The 5 Love Languages of Children includes a section on identifying your child's primary love language. Remember that a child's primary love language cannot be identified until the child is at least five. The authors also point out that a love language is not set in stone (page 108), and will often change during times like adolescence. There are five steps to identifying (starting on page 109)
1. See how child expresses love to you
Your child will likely express love in the way he wants to receive love. This is especially true for the 5-8 year old crowd. If you have read my previous posts on this, you will know that my suspicion for Brayden's primary love language has always been words of affirmation. He definitely fits into that on how he expresses himself. You have never heard a more grateful child when I do his laundry, make his food, drive him somewhere--he is the most thankful boy ever :) I don't think it is just good manners--though I would love to claim it as such ;). I think it is his love language.
2. See how child expresses love to others
What does your child do for others? When he has a teacher he likes, how does he want to show it? What about siblings? This can be obvious if the child is into gifts as signs of love. If it is words of affirmation, however, you won't know what he is saying to a teacher unless she tells you about it.
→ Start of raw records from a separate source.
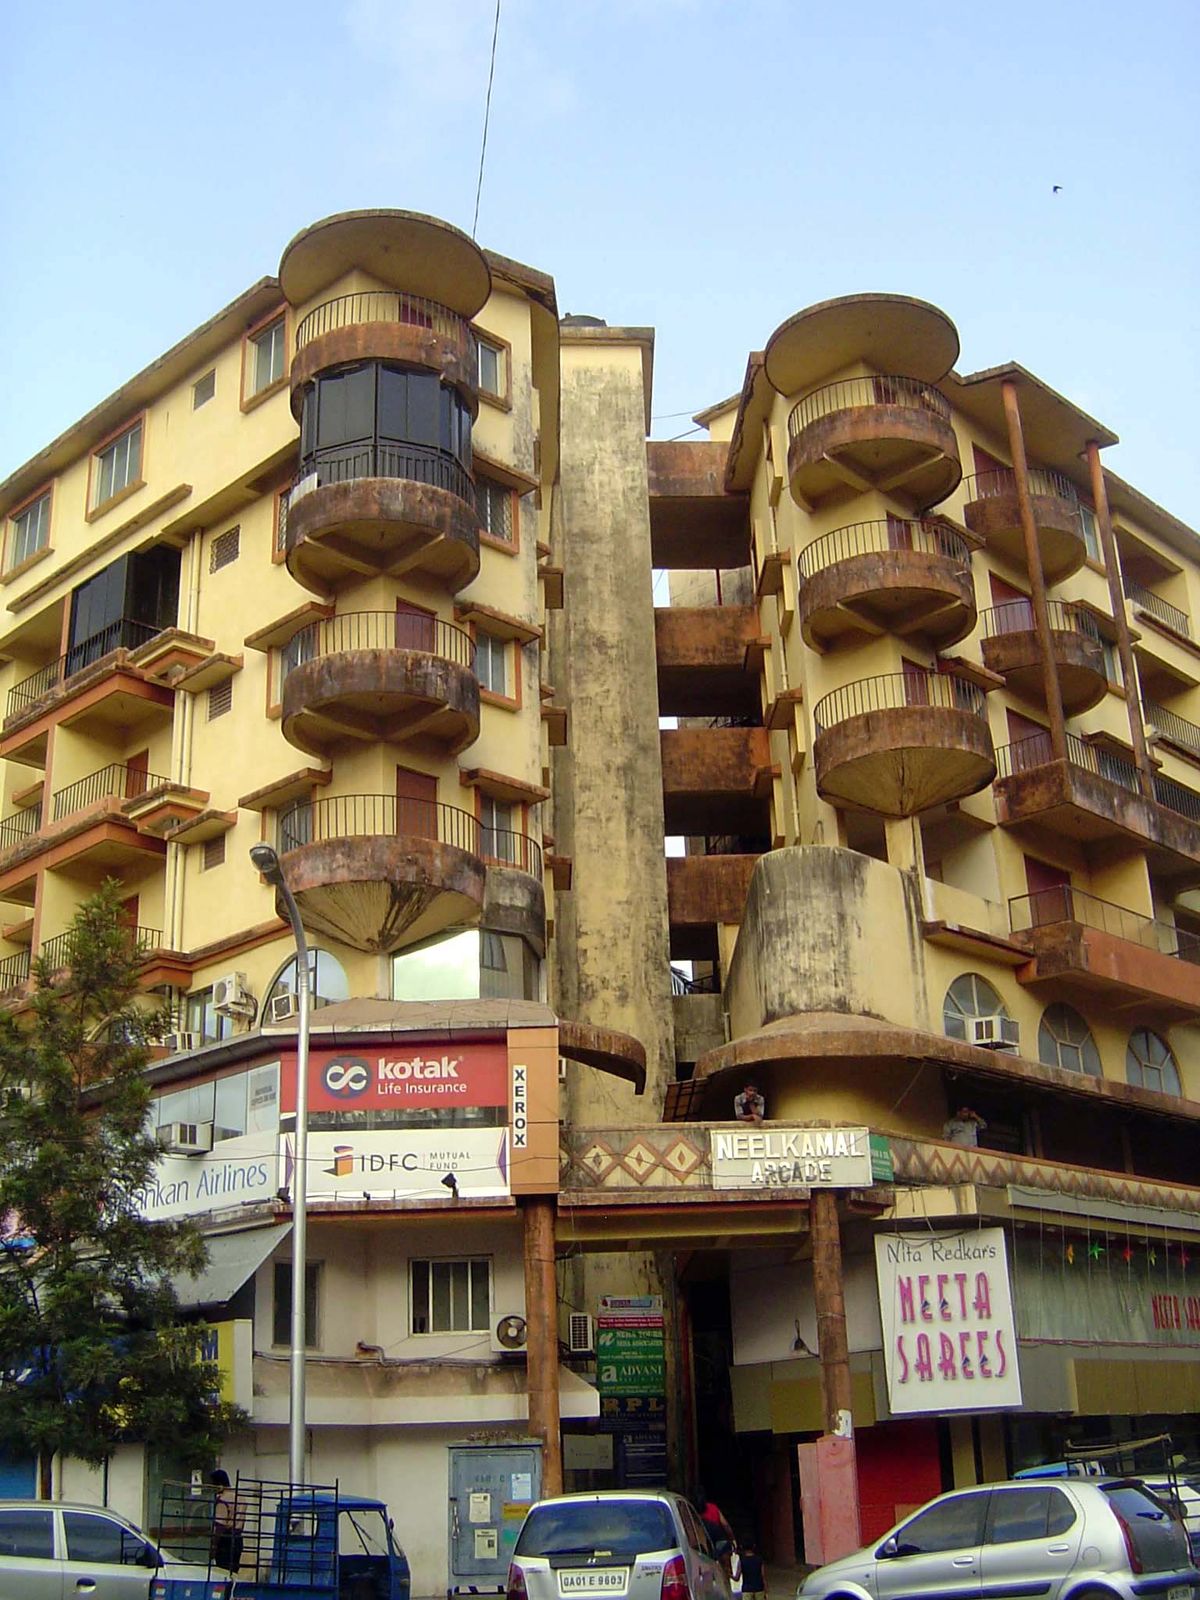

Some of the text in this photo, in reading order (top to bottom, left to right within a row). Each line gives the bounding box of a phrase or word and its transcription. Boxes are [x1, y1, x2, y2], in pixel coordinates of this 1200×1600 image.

[378, 1056, 458, 1079] kotak
[377, 1082, 467, 1095] Life Insurance
[514, 1069, 526, 1146] XEROX
[429, 1152, 471, 1160] MUTUAL
[717, 1131, 865, 1160] NEELKAMAL
[360, 1153, 418, 1172] IDFC
[429, 1162, 458, 1170] FUND
[751, 1160, 832, 1183] ARCADE
[134, 1163, 267, 1211] ankan Airlines
[887, 1238, 997, 1264] Nita Redkar's
[897, 1271, 993, 1323] NEETA
[897, 1330, 1007, 1384] SAREES
[620, 1365, 662, 1376] ADVANI
3. Notice what your child requests from you
Does your child ask for more time? Does he ask for compliments? He will most likely ask for most what he desires most.
4. Take note of what your child complains about most
Your child might have a theme of complaint--time spent with him, never saying anything nice, etc. This is a clue as to what he is needing more of.
5. Give a choice
If you are unsure still, you can offer two choices of activities that would indicate a preference of love with one or another. Do this every so often over the course of several weeks and take note of the answers. It should give you a clue into the hierarchy.
Examples given in the book are:
- bake you a pie (service) or go to park together (time)
- wrestle (physical) or read story (quality--though I must say if you cuddle during story time, it could be physical)
This is a quick summary of the five steps in the book. The book has more details. These steps can help you identify the primary love language of your child. Remember, you want to be multi-lingual, but having an idea for the love language of your child helps you make sure you give extra focus to that language so it doesn't get neglected. It also helps in time of distress--when your child needs comforting. The primary love language will speak the loudest to him at those times. It also helps you to avoid using that love language negatively.